My name is Kate and I’m just an ordinary person leading an ordinary life. What makes me somewhat different, other than my wacky sense of humor, is that I am living my ordinary life with Type 2 diabetes.
I’d like to say that makes me unique, but the sad truth is that every day, more and more people are being diagnosed with this disease. Even worse, there are thousands upon thousands of people who don’t even know they are already affected.
When I received the phone call in 2005 informing me that I had Type 2 diabetes, I was sure that it was a mistake. I felt fine! I wasn’t sick. They must have called the wrong person! Well, it wasn’t a mistake. I had to deal with it.
OK, so I have diabetes. Now what? When I saw the doctor she said that I needed to exercise and change my diet. Losing some weight would be beneficial. She told me to get a glucose meter and check my blood glucose at various times during the day: first thing in the morning, before a meal, two hours after a meal, at bedtime, when the moon is full, on trash day…What? What did she say?
Be mindful of what you’re eating and how much of each thing: no more than so many grams of fat, so much protein and about 30 grams of carbs per meal. Huh? What’s a carb? I later discovered that a carb is something that I absolutely adore. Damn the luck!
I left that doctor’s office in a daze. I knew that I had to make some changes but I wasn’t sure where to begin. I’m intelligent. I can figure this out! I just had to deal with it.
How am I dealing with it? Over the course of several years, I have made changes to what I eat on a daily basis. At first I cut out fast food and as much processed food as I could. Just this year, I have drastically cut back on my daily carb intake and I focus more on non-starchy vegetables; that has caused a huge improvement to my blood glucose control.
It has taken time and experimentation to find out what works for me. I’ve made these changes slowly over time. When you’re first diagnosed it feels like you have to make drastic changes NOW or ELSE!
I think it’s important not to try and become this other person overnight. If we deprive ourselves of things we’re comfortable with it feels like a prison sentence. When in prison all you want is out (this is purely conjecture on my part having never been in prison, really!).
Diabetes is here to stay (I hope I’m wrong), so we need to get comfy with it. Making small changes that are healthy feels good.
I also had to learn not beat myself up when I “blow it.” What is it they say? It takes 28 days to make a new habit or something like that. Becoming a healthier eater doesn’t happen overnight.
So if I drove through a fast food place and had a burger and fries for dinner, I had to learn not to hate myself in the morning.
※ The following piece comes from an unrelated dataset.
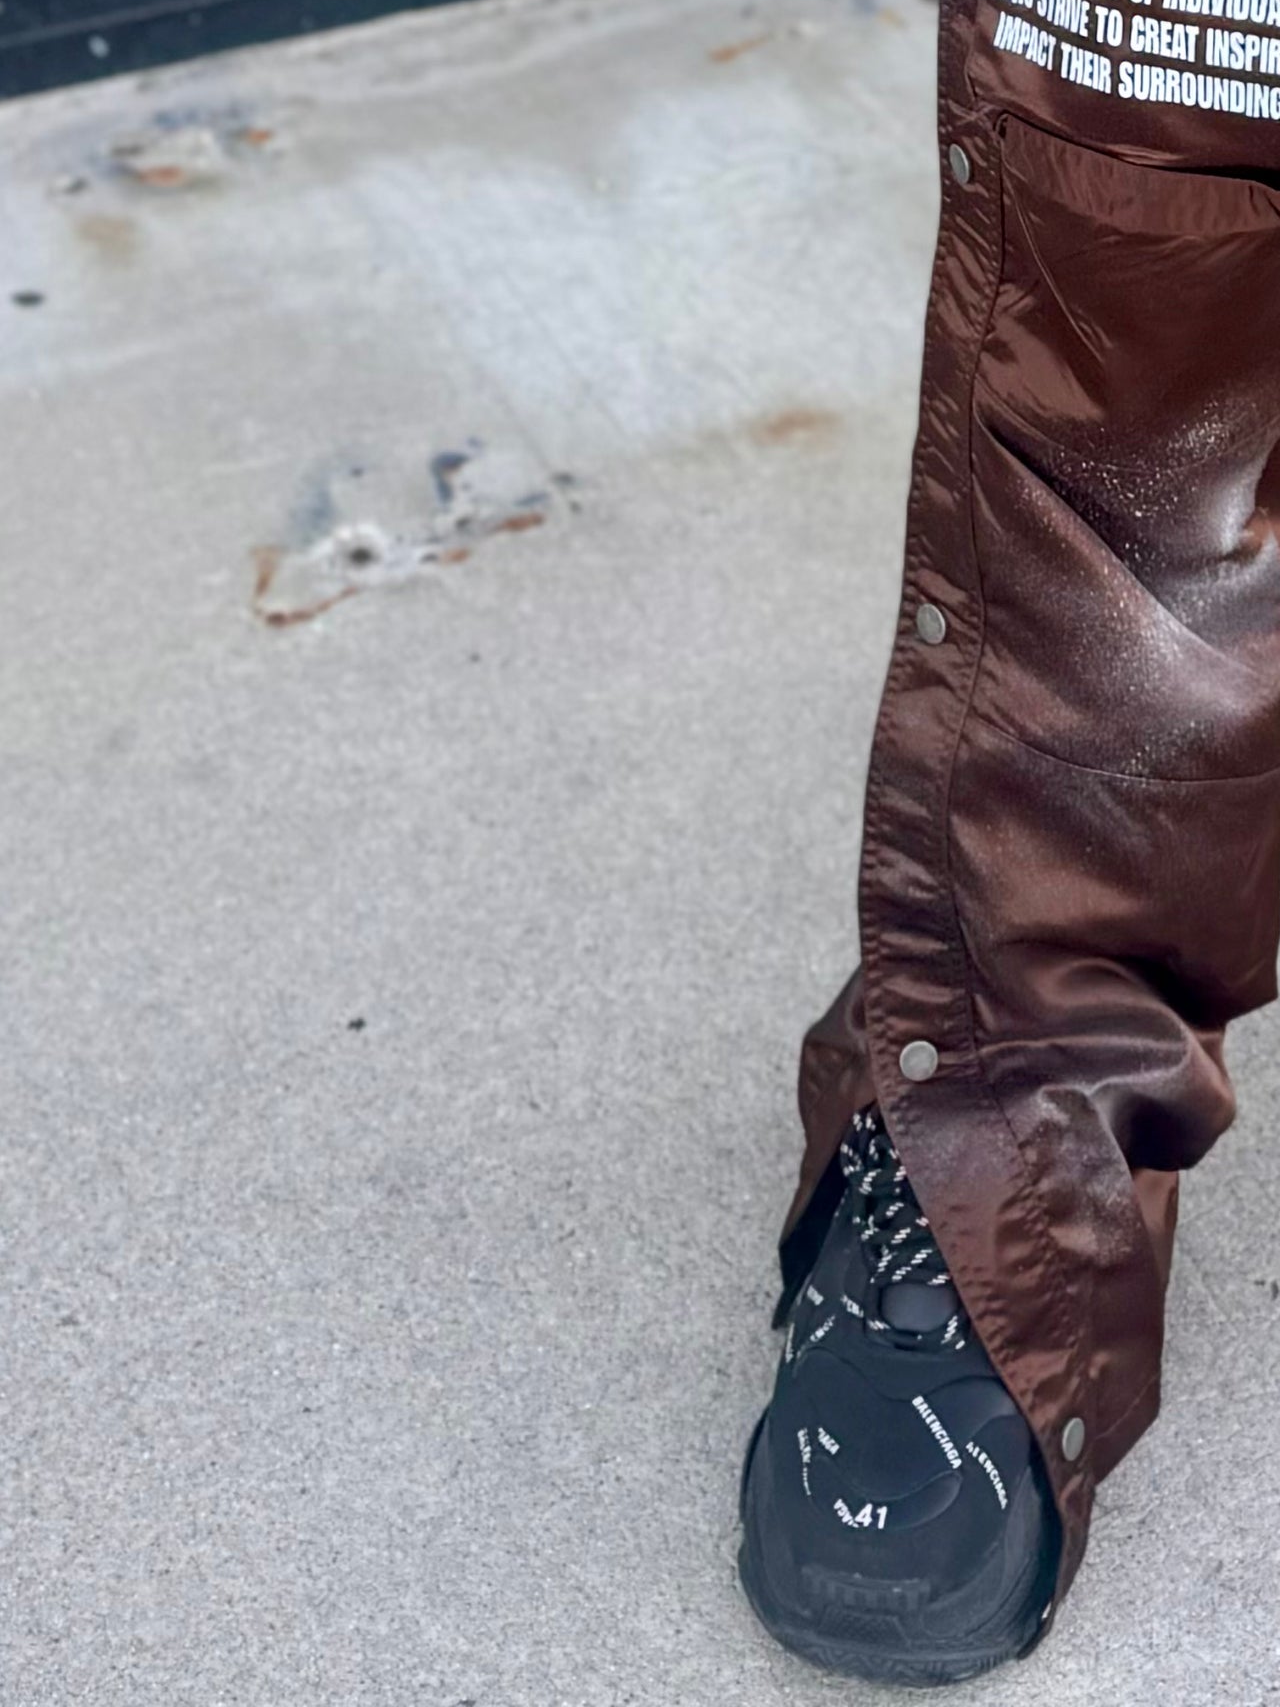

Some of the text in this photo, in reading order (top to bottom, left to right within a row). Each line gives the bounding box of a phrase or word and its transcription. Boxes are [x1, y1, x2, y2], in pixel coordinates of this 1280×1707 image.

I just had to move on. No one is perfect!
Did I need to stop doing that very often? Yes. What benefits have I gained since I stopped? A healthier, hopefully longer life. That one burger wasn’t going to kill me, but if I had continued to live an unhealthy lifestyle my life would likely be shorter than I wanted and not nearly as much fun.
Living with diabetes is a lifestyle, not a sentence. I don’t think about being on a diet, which keeps me from feeling deprived. Every day I’m faced with choices, and I’m committed to making choices that will help to keep me healthy. I’d much rather see my grandchildren grow up into fine adults than to eat foods that aren’t good for me. That’s my choice and I’m happy with it.
If you were diagnosed with Type 2 diabetes, what are your tips for staying healthy?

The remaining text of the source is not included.